An exact copy of the records below is required, and it must contain no pictures.

### PROVIDED MATERIAL

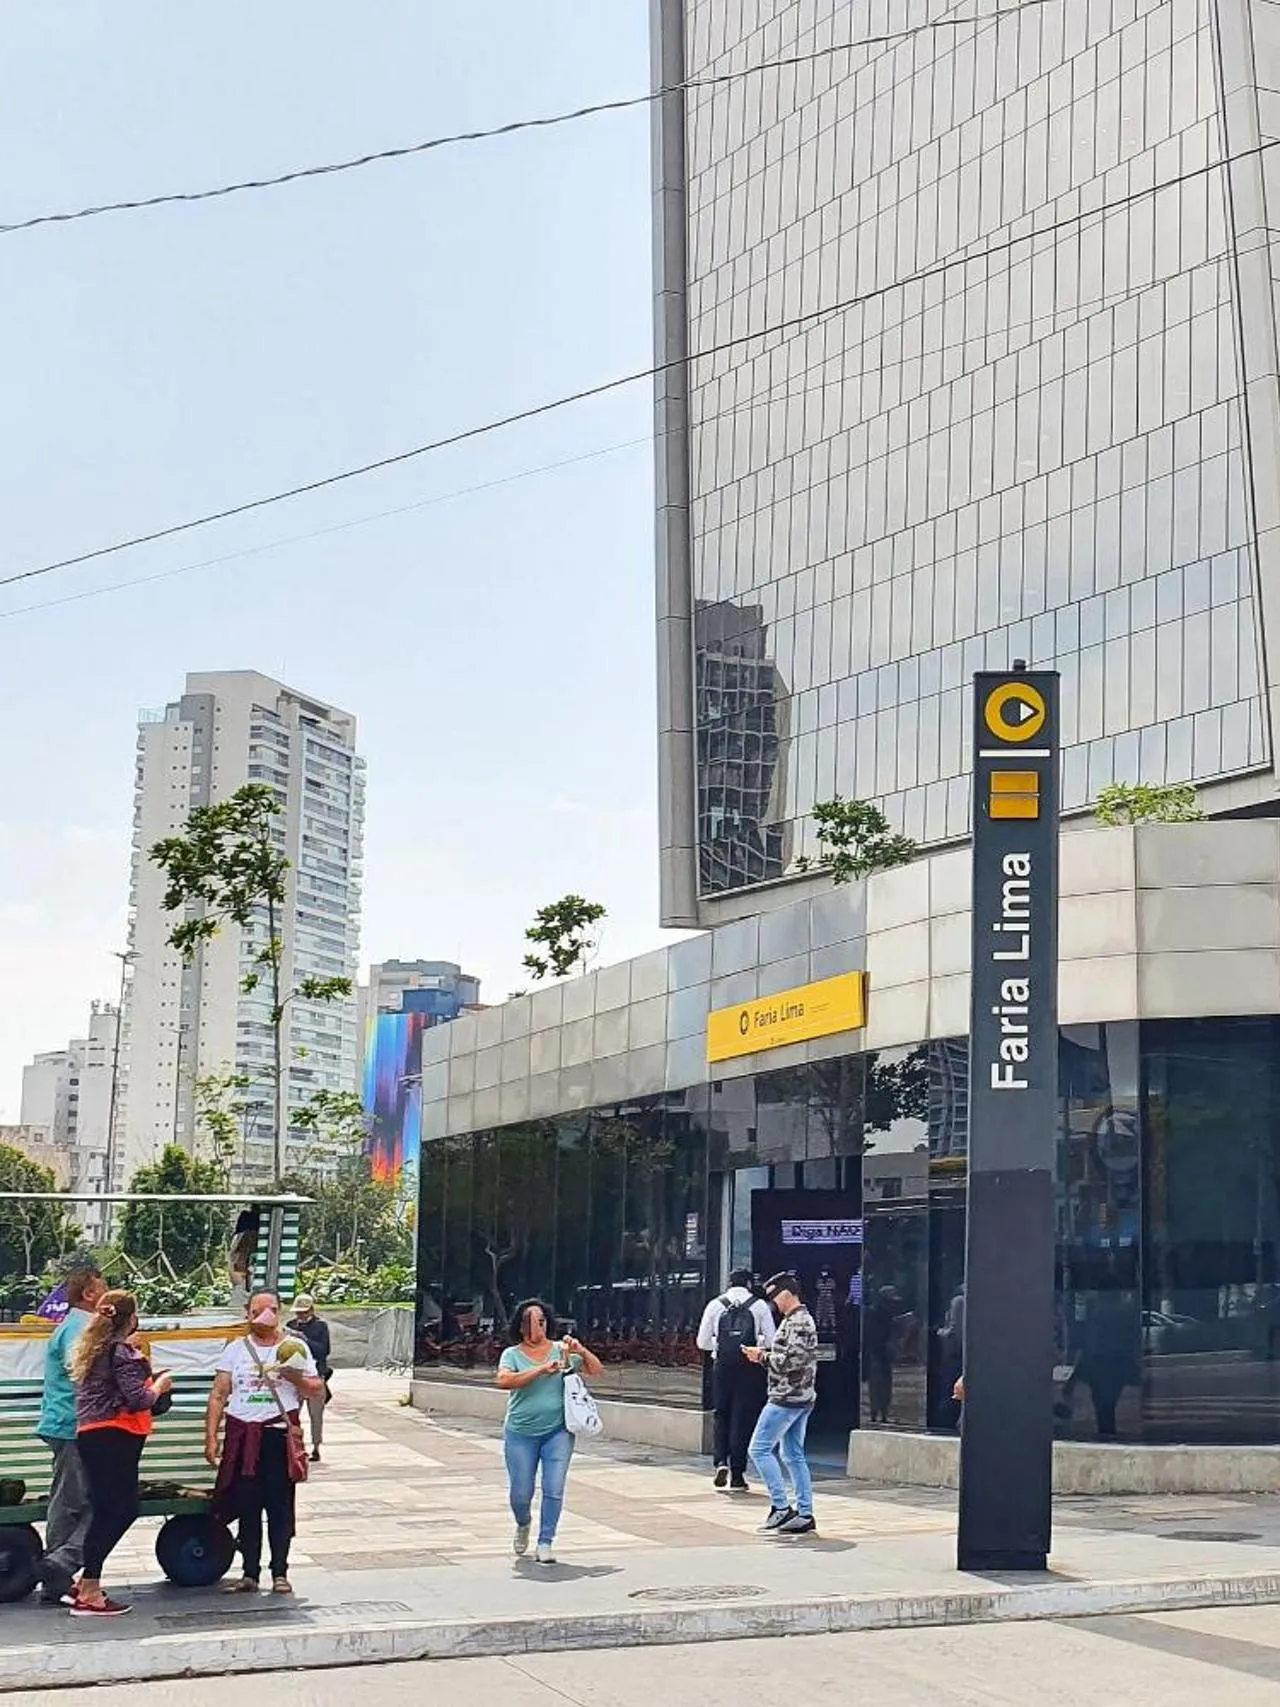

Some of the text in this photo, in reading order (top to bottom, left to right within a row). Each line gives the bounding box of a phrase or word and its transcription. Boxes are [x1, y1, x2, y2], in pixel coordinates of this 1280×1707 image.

[754, 1007, 777, 1029] Faria
[780, 1001, 805, 1022] Lima
[991, 851, 1032, 1090] Faria Lima
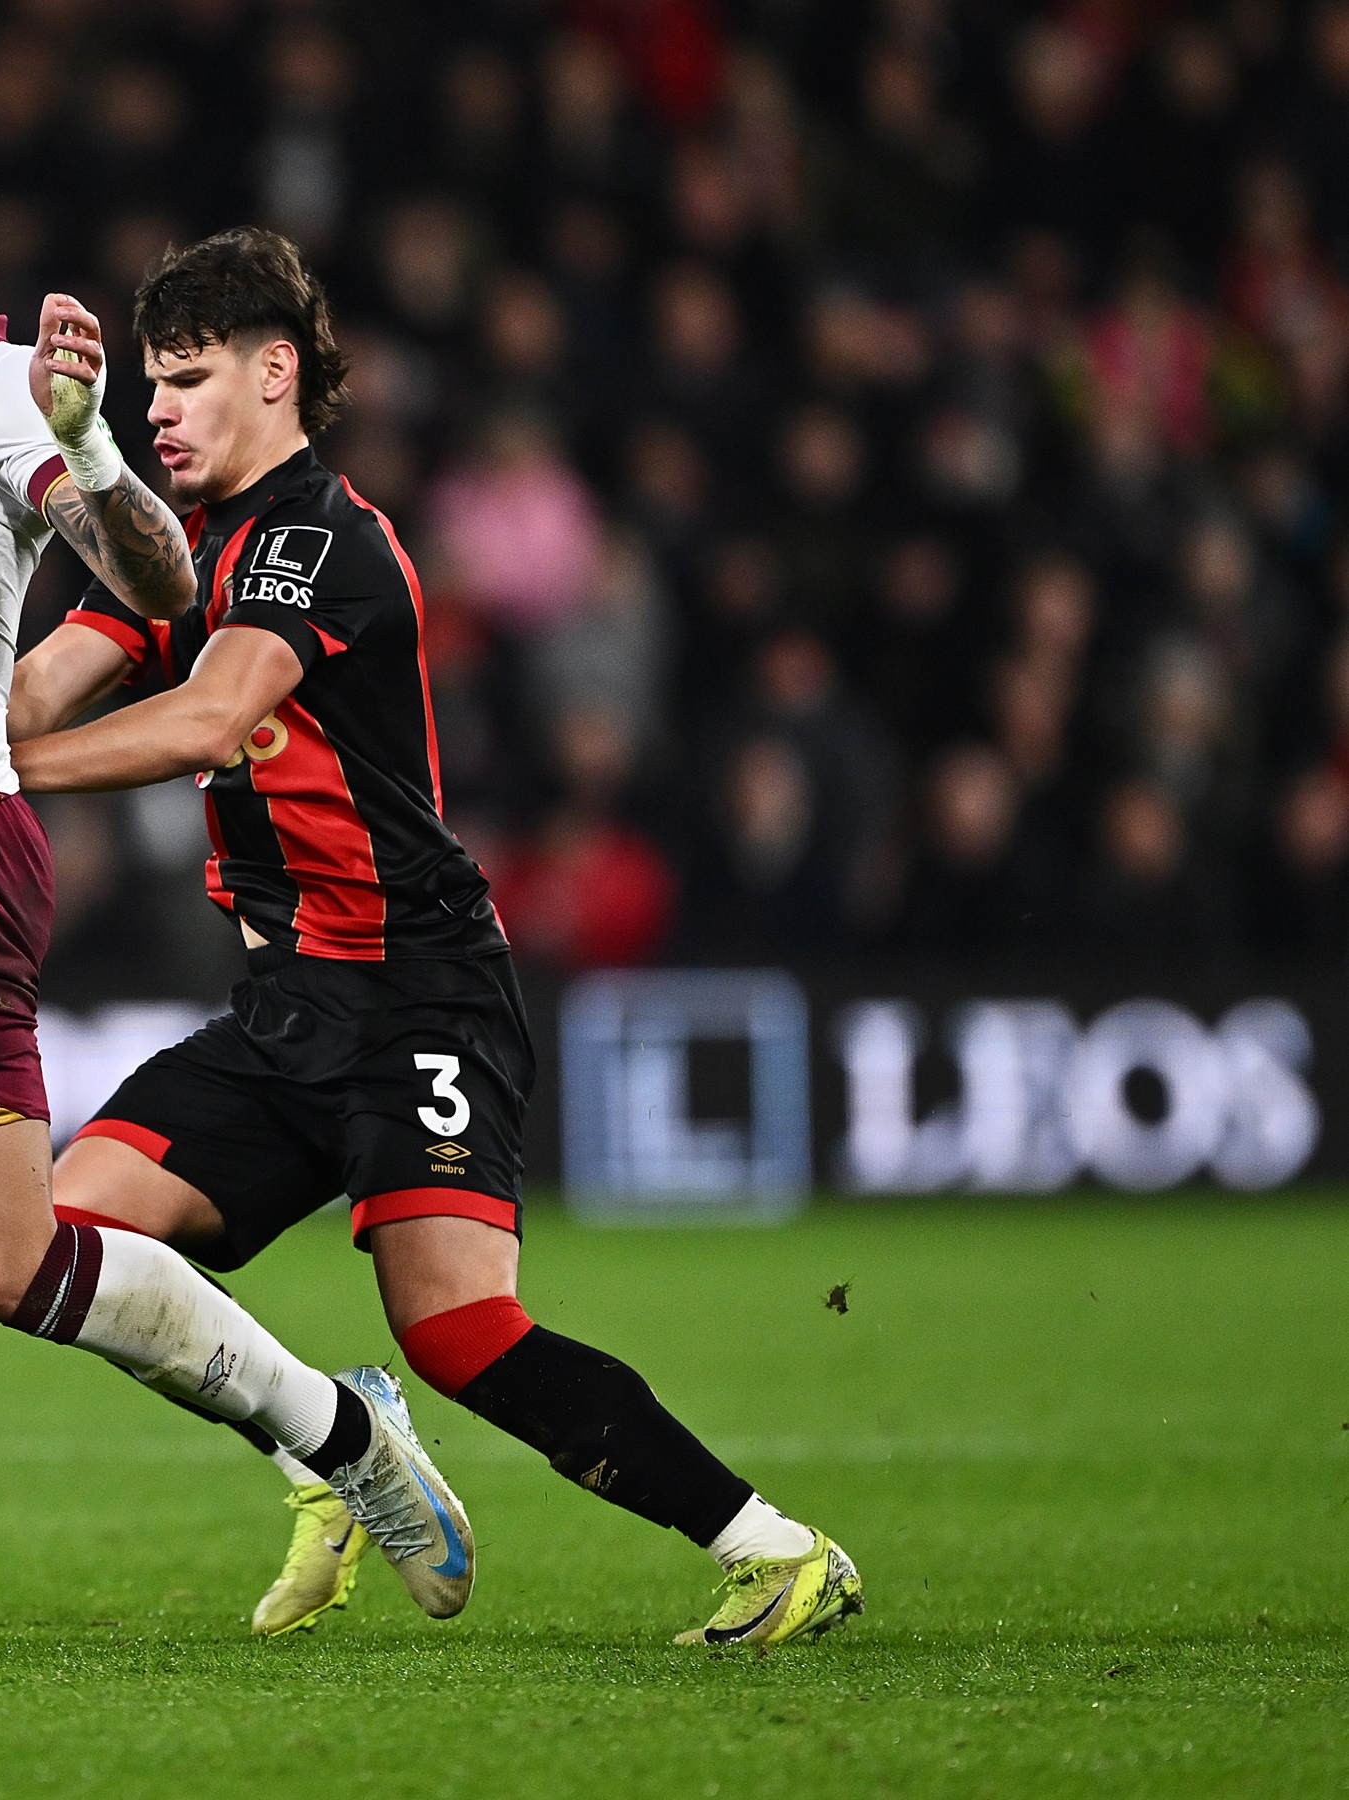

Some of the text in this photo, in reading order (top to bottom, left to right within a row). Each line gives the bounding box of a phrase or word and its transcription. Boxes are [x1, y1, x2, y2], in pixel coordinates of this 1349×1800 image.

[239, 576, 314, 610] LEOS
[413, 1053, 471, 1137] 3
[841, 1000, 1319, 1195] LEOS
[430, 1163, 466, 1175] umbro
[210, 1353, 237, 1397] umbro
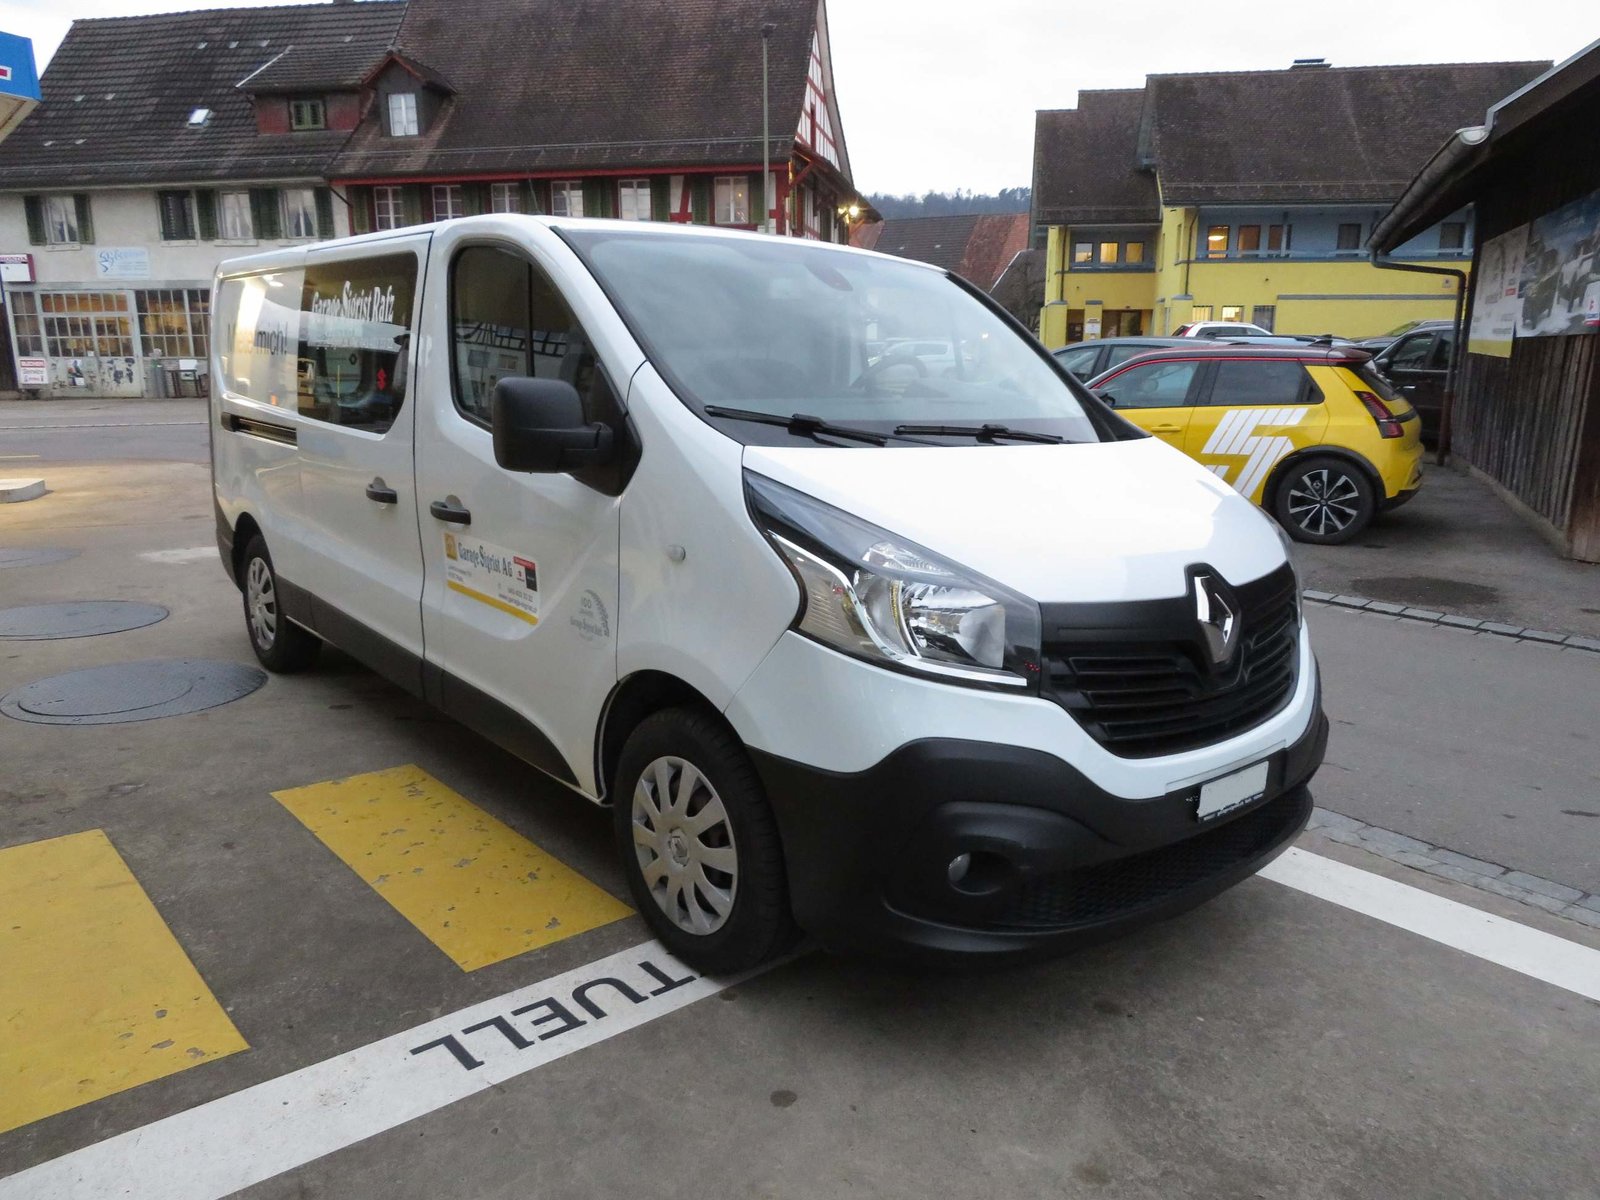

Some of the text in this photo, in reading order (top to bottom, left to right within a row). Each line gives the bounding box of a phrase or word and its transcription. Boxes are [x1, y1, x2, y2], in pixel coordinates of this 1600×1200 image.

[312, 281, 395, 323] Garage Sigrist Rafz
[458, 542, 479, 568] Garage
[479, 545, 501, 574] Sigrist
[502, 557, 513, 577] AG
[409, 959, 699, 1071] TUELL
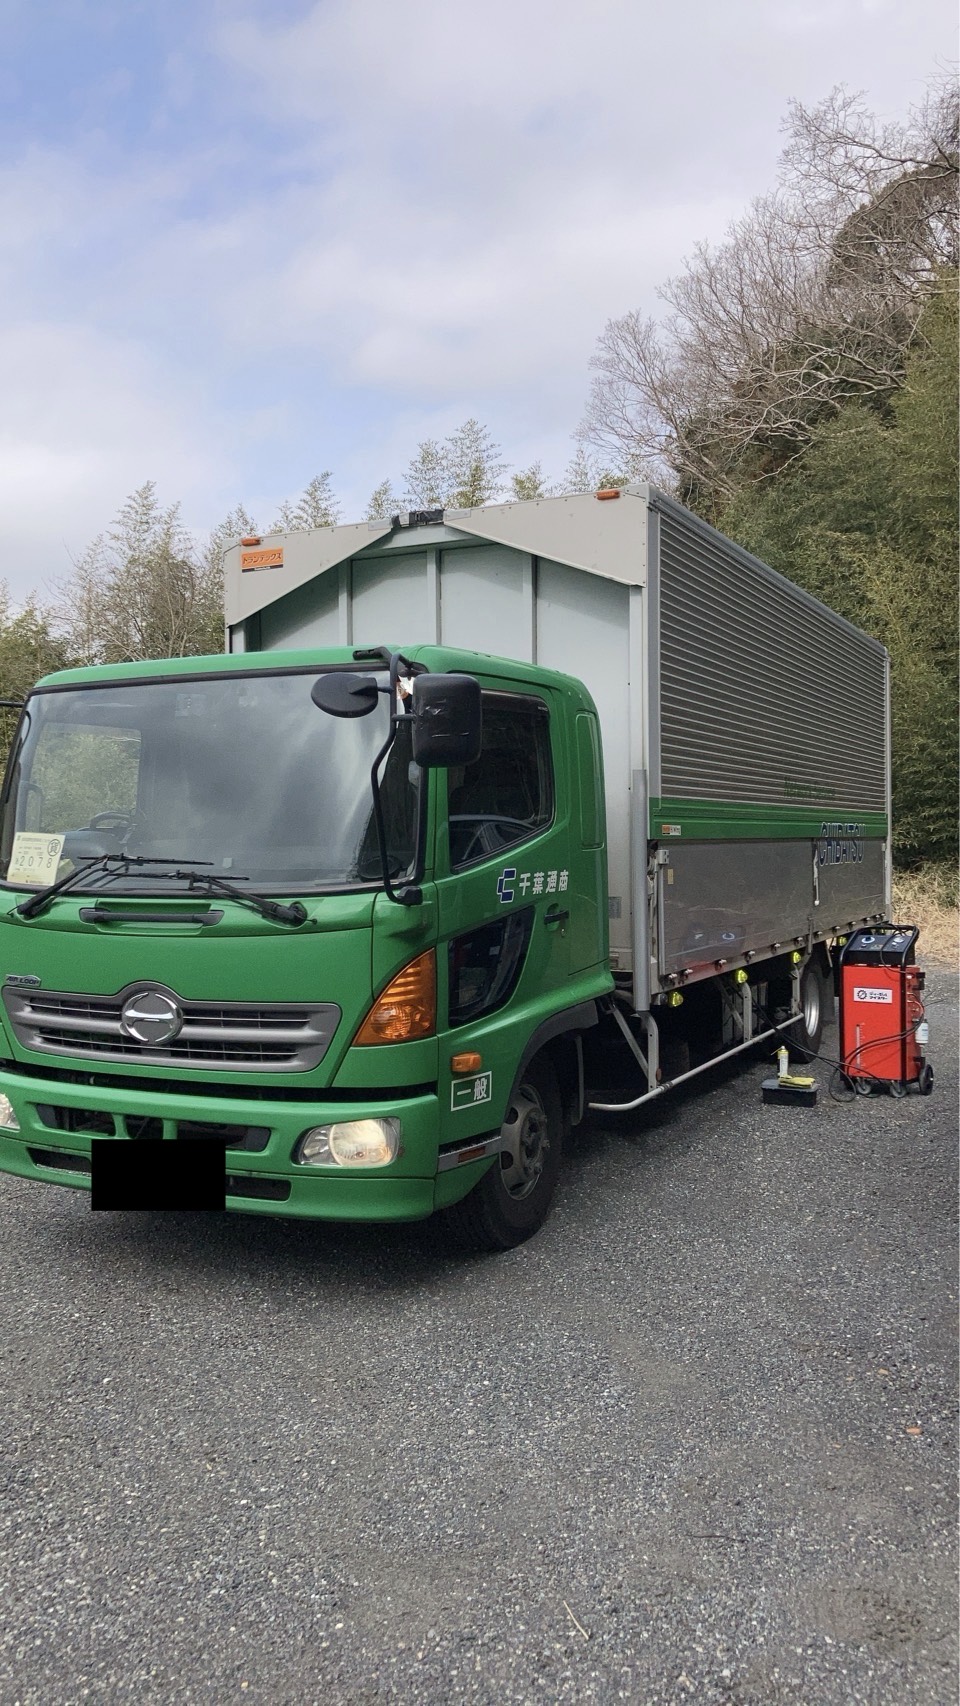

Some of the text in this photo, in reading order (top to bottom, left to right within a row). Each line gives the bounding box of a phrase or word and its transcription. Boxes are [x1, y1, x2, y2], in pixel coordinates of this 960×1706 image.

[243, 552, 281, 565] トランテックス
[819, 822, 866, 867] CHIBATSU
[518, 869, 569, 896] 千葉通商
[456, 1077, 488, 1101] 一般

######

* RESPONSE TO THIS EXERCISE
Some of the text in this photo, in reading order (top to bottom, left to right within a row). Each line gives the bounding box of a phrase or word and its transcription. Boxes are [x1, y1, x2, y2], in pixel coordinates of this 1280×1707 image.

[754, 1007, 777, 1029] Faria
[780, 1001, 805, 1022] Lima
[991, 851, 1032, 1090] Faria Lima

Some of the text in this photo, in reading order (top to bottom, left to right within a row). Each line gives the bounding box of a phrase or word and its transcription. Boxes are [x1, y1, x2, y2], in pixel coordinates of this 1349×1800 image.

[239, 576, 314, 610] LEOS
[413, 1053, 471, 1137] 3
[841, 1000, 1319, 1195] LEOS
[430, 1163, 466, 1175] umbro
[210, 1353, 237, 1397] umbro

Some of the text in this photo, in reading order (top to bottom, left to right within a row). Each line gives the bounding box of a phrase or word and its transcription. Boxes are [x1, y1, x2, y2], in pixel coordinates of this 1600×1200 image.

[312, 281, 395, 323] Garage Sigrist Rafz
[458, 542, 479, 568] Garage
[479, 545, 501, 574] Sigrist
[502, 557, 513, 577] AG
[409, 959, 699, 1071] TUELL

Some of the text in this photo, in reading order (top to bottom, left to right within a row). Each line gives the bounding box of a phrase or word and its transcription. Boxes are [x1, y1, x2, y2], in pixel coordinates of this 960×1706 image.

[243, 552, 281, 565] トランテックス
[819, 822, 866, 867] CHIBATSU
[518, 869, 569, 896] 千葉通商
[456, 1077, 488, 1101] 一般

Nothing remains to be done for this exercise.